[Input data Boundary: Start]

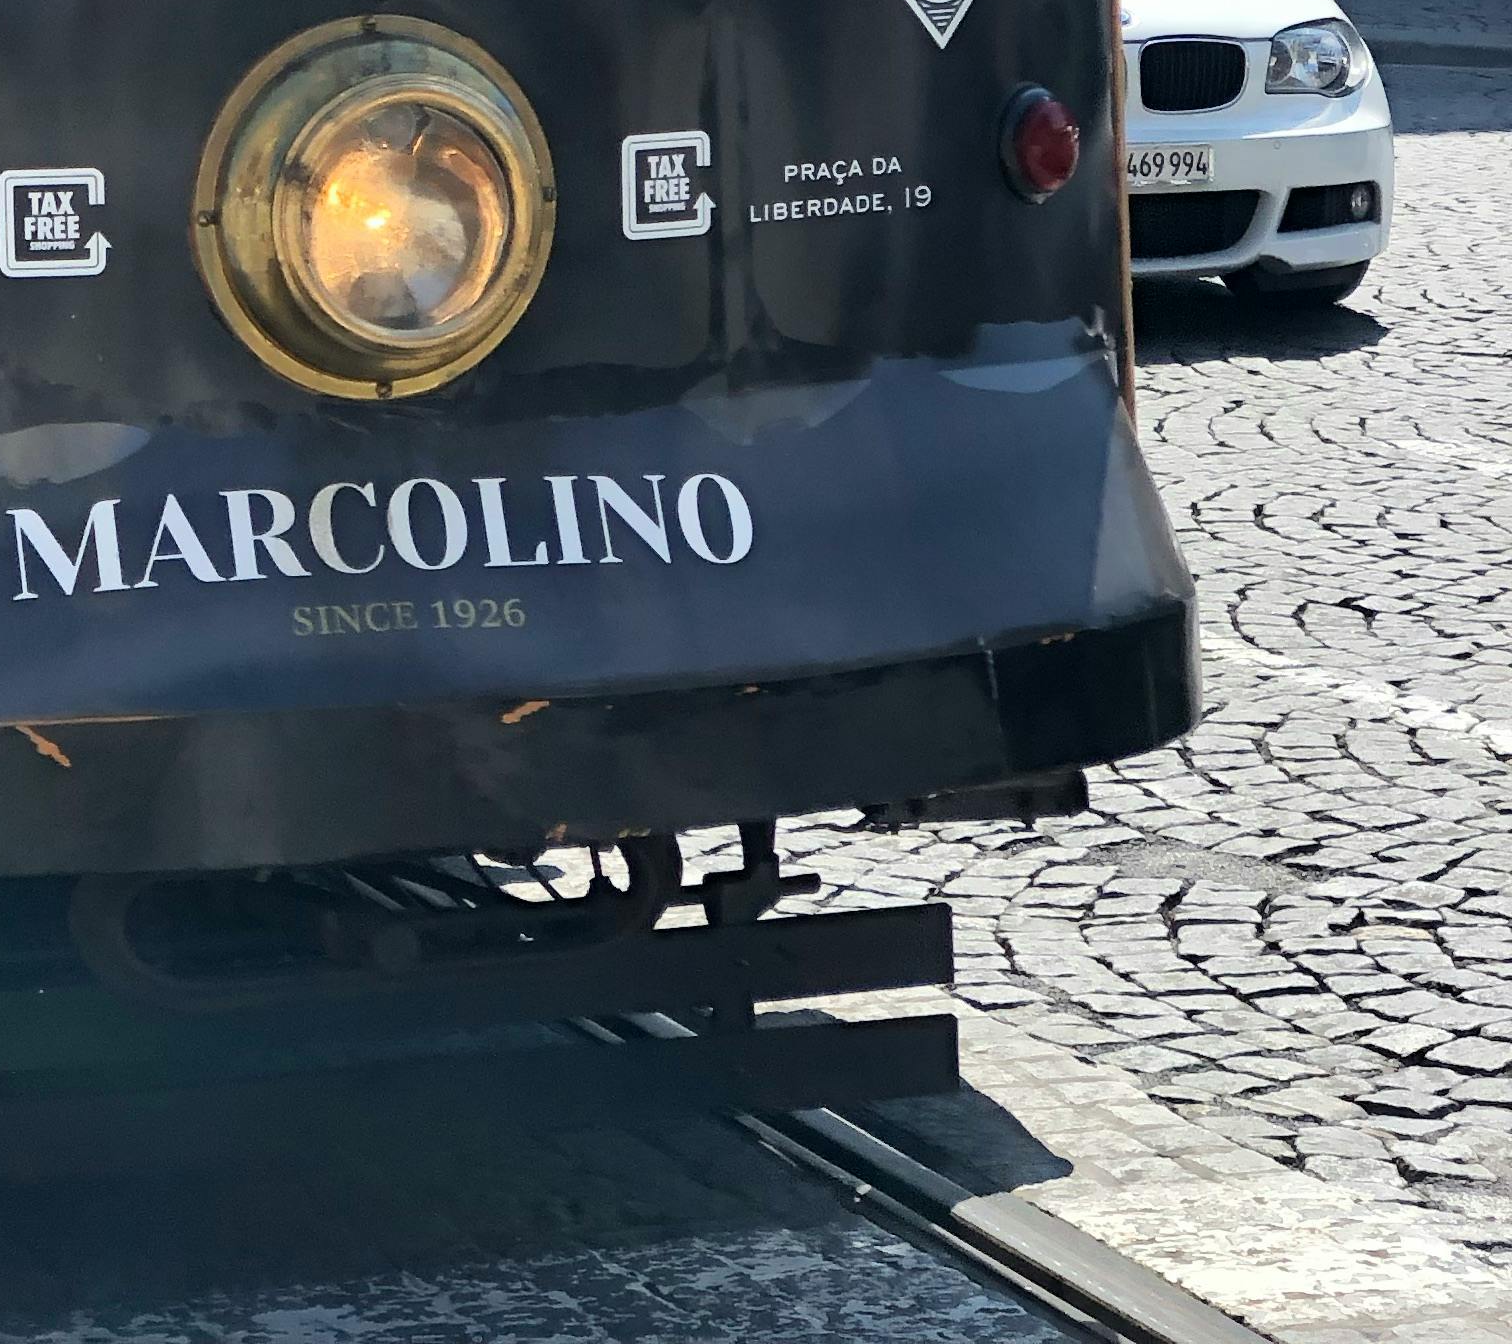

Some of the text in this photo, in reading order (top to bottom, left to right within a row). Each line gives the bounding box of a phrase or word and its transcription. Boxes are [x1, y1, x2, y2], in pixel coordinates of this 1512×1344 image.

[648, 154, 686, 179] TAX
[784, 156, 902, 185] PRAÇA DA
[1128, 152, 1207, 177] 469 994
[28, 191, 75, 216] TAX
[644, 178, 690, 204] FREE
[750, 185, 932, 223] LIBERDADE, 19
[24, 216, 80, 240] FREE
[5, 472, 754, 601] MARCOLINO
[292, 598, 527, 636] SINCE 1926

[Input data Boundary: End]

◆ **Work item**
Return every line of the listing exactly, leaving its pictures behind.

◆ **The answer**
Some of the text in this photo, in reading order (top to bottom, left to right within a row). Each line gives the bounding box of a phrase or word and its transcription. Boxes are [x1, y1, x2, y2], in pixel coordinates of this 1512×1344 image.

[648, 154, 686, 179] TAX
[784, 156, 902, 185] PRAÇA DA
[1128, 152, 1207, 177] 469 994
[28, 191, 75, 216] TAX
[644, 178, 690, 204] FREE
[750, 185, 932, 223] LIBERDADE, 19
[24, 216, 80, 240] FREE
[5, 472, 754, 601] MARCOLINO
[292, 598, 527, 636] SINCE 1926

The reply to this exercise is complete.